It is also worth noting that of the three dealers I worked with on this only two were able to use US Bank.

One quoted me a residual of .42+7500 for 36/12 and the other .39+$7500 for 39/12. The first was a base model the second had safety 1 and safety 2. The 3rd dealer quoted .56 for 36/12 from Ally.

I went so far as to call US Bank and ask them what the formula was for determining the residual and why different dealers were doing it differently. The support person said that the residual is the difference of the cap cost - all payments. When I asked what they use to determine the monthly payment she said that was based on the deal I worked out with the dealer. So I said so the dealer determines the residual and she said no we decide how much to loan out. So we went around like this for quite a while and unfortunately I finally just gave up. But I believe it is ~.4 + $7500 with differences based on length and mileage.

Hopefully this info can help someone out there though.

Everyone posting here is asking if the deal they are quoted is good or not.

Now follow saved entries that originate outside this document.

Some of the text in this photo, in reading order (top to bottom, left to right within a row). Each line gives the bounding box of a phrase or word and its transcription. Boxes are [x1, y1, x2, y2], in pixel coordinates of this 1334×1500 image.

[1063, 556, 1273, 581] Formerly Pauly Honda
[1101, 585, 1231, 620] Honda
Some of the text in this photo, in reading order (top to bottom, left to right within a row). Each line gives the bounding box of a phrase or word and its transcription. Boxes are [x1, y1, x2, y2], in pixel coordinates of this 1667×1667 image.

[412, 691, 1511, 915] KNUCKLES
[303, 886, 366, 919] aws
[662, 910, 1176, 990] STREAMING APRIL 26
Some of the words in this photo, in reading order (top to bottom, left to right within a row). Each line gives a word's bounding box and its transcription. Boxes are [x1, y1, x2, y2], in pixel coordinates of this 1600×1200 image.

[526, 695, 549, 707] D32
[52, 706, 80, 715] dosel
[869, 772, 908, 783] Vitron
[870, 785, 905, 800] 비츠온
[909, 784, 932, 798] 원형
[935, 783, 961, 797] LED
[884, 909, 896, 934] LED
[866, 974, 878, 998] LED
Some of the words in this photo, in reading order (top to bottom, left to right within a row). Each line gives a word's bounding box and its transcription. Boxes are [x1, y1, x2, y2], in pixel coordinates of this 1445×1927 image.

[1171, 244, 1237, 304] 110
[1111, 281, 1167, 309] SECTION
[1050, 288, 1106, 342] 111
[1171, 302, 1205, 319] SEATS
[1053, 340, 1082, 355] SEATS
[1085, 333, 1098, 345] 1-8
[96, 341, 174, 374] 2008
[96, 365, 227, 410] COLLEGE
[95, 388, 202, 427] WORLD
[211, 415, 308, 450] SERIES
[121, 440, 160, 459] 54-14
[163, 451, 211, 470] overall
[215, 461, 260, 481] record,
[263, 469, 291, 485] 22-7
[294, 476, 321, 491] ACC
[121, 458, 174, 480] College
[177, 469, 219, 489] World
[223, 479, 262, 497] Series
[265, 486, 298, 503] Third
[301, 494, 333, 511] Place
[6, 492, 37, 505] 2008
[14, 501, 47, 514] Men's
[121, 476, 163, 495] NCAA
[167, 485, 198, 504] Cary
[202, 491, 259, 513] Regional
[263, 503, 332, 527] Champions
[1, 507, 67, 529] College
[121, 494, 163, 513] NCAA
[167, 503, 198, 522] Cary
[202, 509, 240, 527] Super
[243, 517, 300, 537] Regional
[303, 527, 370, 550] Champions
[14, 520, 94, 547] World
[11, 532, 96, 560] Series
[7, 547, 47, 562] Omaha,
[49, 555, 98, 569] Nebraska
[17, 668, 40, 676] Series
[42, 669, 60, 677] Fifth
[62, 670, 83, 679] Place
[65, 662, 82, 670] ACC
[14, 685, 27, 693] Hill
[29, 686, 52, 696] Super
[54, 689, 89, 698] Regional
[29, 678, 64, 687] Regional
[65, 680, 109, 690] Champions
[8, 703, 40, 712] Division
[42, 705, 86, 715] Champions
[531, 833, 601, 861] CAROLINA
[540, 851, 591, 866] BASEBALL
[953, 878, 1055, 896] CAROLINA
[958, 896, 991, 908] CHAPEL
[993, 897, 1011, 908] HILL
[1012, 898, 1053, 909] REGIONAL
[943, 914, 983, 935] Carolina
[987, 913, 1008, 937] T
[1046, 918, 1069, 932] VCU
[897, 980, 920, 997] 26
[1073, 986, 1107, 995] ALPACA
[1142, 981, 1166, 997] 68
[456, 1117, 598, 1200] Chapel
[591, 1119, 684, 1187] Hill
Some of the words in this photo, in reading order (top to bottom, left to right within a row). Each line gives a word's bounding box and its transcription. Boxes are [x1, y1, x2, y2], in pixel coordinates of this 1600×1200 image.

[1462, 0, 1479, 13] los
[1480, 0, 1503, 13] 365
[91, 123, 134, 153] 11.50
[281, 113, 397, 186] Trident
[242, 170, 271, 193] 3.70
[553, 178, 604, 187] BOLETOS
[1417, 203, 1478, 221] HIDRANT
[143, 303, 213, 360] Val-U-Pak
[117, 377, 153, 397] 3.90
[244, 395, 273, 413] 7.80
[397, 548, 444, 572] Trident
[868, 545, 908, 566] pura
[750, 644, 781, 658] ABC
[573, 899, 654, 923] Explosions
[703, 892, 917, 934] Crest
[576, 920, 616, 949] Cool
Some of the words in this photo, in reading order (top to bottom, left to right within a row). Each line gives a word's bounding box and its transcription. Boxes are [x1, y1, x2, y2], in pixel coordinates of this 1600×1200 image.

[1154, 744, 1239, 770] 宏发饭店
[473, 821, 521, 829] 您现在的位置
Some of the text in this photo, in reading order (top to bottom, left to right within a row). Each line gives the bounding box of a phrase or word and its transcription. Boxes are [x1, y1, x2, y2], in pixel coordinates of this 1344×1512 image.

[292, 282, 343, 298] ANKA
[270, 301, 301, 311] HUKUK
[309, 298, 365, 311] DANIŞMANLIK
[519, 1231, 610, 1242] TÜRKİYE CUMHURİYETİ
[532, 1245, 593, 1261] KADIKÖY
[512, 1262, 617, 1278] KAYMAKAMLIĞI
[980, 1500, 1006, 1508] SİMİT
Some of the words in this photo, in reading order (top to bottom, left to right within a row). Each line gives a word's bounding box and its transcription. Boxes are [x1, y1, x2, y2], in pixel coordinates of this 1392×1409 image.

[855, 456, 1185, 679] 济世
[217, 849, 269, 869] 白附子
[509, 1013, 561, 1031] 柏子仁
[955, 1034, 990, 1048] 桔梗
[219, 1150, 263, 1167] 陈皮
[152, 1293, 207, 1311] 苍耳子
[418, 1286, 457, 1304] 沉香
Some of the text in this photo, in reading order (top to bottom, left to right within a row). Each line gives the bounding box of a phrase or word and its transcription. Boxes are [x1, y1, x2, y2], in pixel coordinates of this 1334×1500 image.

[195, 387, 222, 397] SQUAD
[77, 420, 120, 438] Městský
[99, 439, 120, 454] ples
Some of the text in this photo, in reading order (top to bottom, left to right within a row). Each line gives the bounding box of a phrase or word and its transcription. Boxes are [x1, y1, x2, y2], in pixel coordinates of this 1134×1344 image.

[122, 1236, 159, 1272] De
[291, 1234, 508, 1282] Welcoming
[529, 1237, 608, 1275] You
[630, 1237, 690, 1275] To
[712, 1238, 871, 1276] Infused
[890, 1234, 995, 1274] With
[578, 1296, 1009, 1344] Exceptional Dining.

I am a Finance Professor and would like to propose an alternative way to analyze these deals that assigns an interest rate to the loan amount covering the lease. It would work as follows: what is the interest rate that equates your payments to the gross amount financed in the deal. Below I've appended one of the deals I took from this discussion. They were quoted a purchase price of $31,052, made payments of $338 per month for 36 months, and then gave the car back to the dealer with residual value of $20,655. One can calculate the interest rate that equates these two amounts, the PV of the car, and the PV of the payments plus the discounted future residual value. In this case the interest rate (APR) is approximately 1.75%. I'd say that is a good deal in an absolute sense, and one can compare the deal with others using this approach. Can anyone tell me if this makes sense? It certainly simplifies things. My spreadsheet allows for added charges, down payments, different residuals, etc. The way that the dealer does this calculation is a little obscure, using finance factors etc. Let me know.

Car Lease Analysis
Chevrolet Volt
Deal 2
Purchase $34,995.00
Fees, Taxes etc. $-
Gross Purchase $31,052.00
Amt Down (Drive-off?) $-
Payment $(338.00)
months 12
Years 3
Periods 36
Residual Percent 66.5%
Residual Value $(20,655.00)
APR 1.75%
Periodic Rate 0.15%
PV of Pmts plus Residual Value $31,462.31

@vint280sl said:
Everyone posting here is asking if the deal they are quoted is good or not. I am a Finance Professor and would like to propose an alternative way to analyze these deals that assigns an interest rate to the loan amount covering the lease. It would work as follows: what is the interest rate that equates your payments to the gross amount financed in the deal. Below I've appended one of the deals I took from this discussion. They were quoted a purchase price of $31,052, made payments of $338 per month for 36 months, and then gave the car back to the dealer with residual value of $20,655. One can calculate the interest rate that equates these two amounts, the PV of the car, and the PV of the payments plus the discounted future residual value. In this case the interest rate (APR) is approximately 1.75%. I'd say that is a good deal in an absolute sense, and one can compare the deal with others using this approach. Can anyone tell me if this makes sense? It certainly simplifies things. My spreadsheet allows for added charges, down payments, different residuals, etc. The way that the dealer does this calculation is a little obscure, using finance factors etc. Let me know.

Car Lease Analysis
Chevrolet Volt
Deal 2
Purchase $34,995.00
Fees, Taxes etc. $-
Gross Purchase $31,052.00
Amt Down (Drive-off?) $-
Payment $(338.00)
months 12
Years 3
Periods 36
Residual Percent 66.5%
Residual Value $(20,655.00)
APR 1.75%
Periodic Rate 0.15%
PV of Pmts plus Residual Value $31,462.31

The calculator my co-host and I use has no math functions more complicated than the basics - add, subtract, multiply and divide. It's just a matter of knowing what numbers to plug in:

MSRP

Selling Price

Residual Value

Money Factor (rent charge, interest rate)

Length of lease

michaell@edmunds.com

Moderator, Prices Paid and Leasing Experiences

2013 Hyundai Elantra GT / 2010 Mazda CX-7 GT / 2014 MINI Countryman S ALL4

I understand that. However, if you want get an accurate understanding of the actual cost of the transaction, you need to know the implicit interest rate involved. This is like the true price of the lease. Let's say you agree on the value (or cost) of the car, the present value, the dealer then states the payment amount (they would calculate this using the "money factor" method), and you agree also on the value of the car at the termination of the lease. There is an interest rate that is implicit in this contract which represents the cost they are charging for you to use the car for the period of the lease. The present value of the car today equals the discounted fixed payment stream and the future value of the car at termination. Their method obscures this, in my opinion. But I haven't found anyone else who is interested in the alternative approach. I was wondering if anyone on the discussion had looked at this.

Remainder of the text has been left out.